Album review: VEGA – Stereo Messiah

Vega - Stereo Messiah

Frontiers Records [Release date 17.10.14]

As one of the great hopes of British melodic rock Vega have not left the grass grow under their feet, this being their third album in under four years. It sees only minor tweaks to what has now become a distinctive sound that they have honed to a fine art, attempting to make melodic rock with a modern twist and avoid some of the visual and musical clichés associated with the genre.

While the big choruses and song structures – courtesy of the Martin brothers Tom and James- are blatantly commercial it is wrapped up in a modern production with electronic trickery to the fore and an added slice of the widescreen feel of a U2. Strangely though for an album you might expect to be an instant fix, it took a couple of listens to know and love the songs.

Nick Workman’s singing has a confident swagger to it epitomised on the big, bold chorus of the opening title track.

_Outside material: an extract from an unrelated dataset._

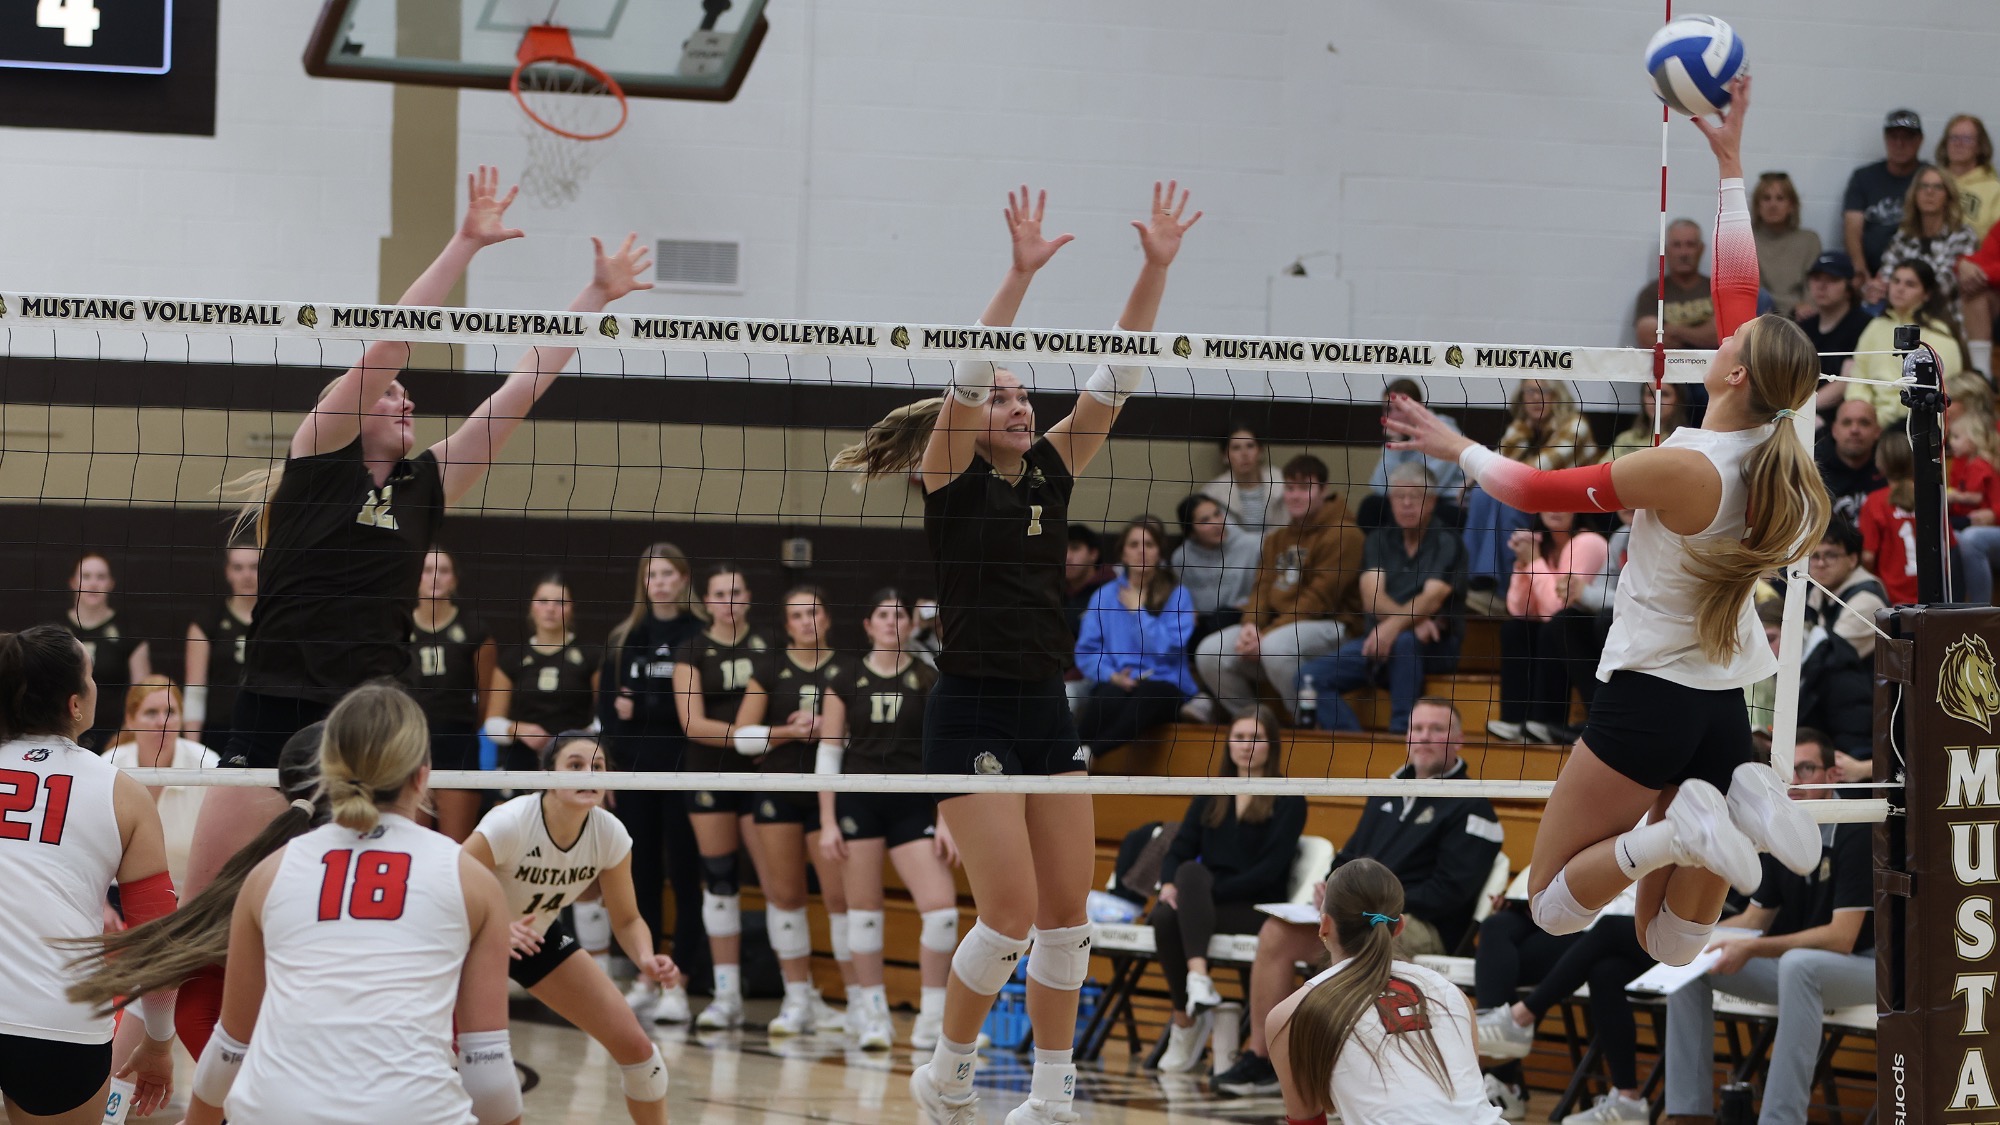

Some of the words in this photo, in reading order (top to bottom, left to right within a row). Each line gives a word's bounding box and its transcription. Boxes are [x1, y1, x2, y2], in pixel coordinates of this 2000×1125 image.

The following song, ‘All Or Nothing’ appears very keyboard driven yet also has an excellent guitar solo from Marcus Thurston, while ‘Wherever We Are’ and ‘Gonna Need Some Love Tonight’ have massive choruses and ‘Ballad of the Broken Hearted’ had me thinking this was what Muse would sound like if they had AOR influences.

‘Neon Heart’ is another with a massive ‘what about love’ chorus while ‘With Both Hands’ is another keyboards-y number where the chorus is less strong but some ‘who-oah’ chanting gives the song another memorable hook.

It also features a collaboration with Joe Elliott, yet even though Def Leppard are a clear influence, his song ‘10x Better Than Love’ comes over as too much of a Def Lep pastiche and is one of the weaker tracks on view.

At a point where the album is in danger of becoming repetitive and samey, set closer ‘Tears Never Dry’, about a war widow, is a marvellously haunting yet anthemic mid tempo tune to finish the album.

There has to be a major health warning which is that this clinical style is not likely to be to every classic rock fan’s taste, and anyone looking for the warm comfort of traditional blues-based riffery would be advised to steer clear.

Despite some well received headline tours Vega have yet to break into the big league but the strength of this material means that they are well placed to do so sooner rather than later if there is any justice. **** 1/2

Review by Andy Nathan

Interview (November 2014)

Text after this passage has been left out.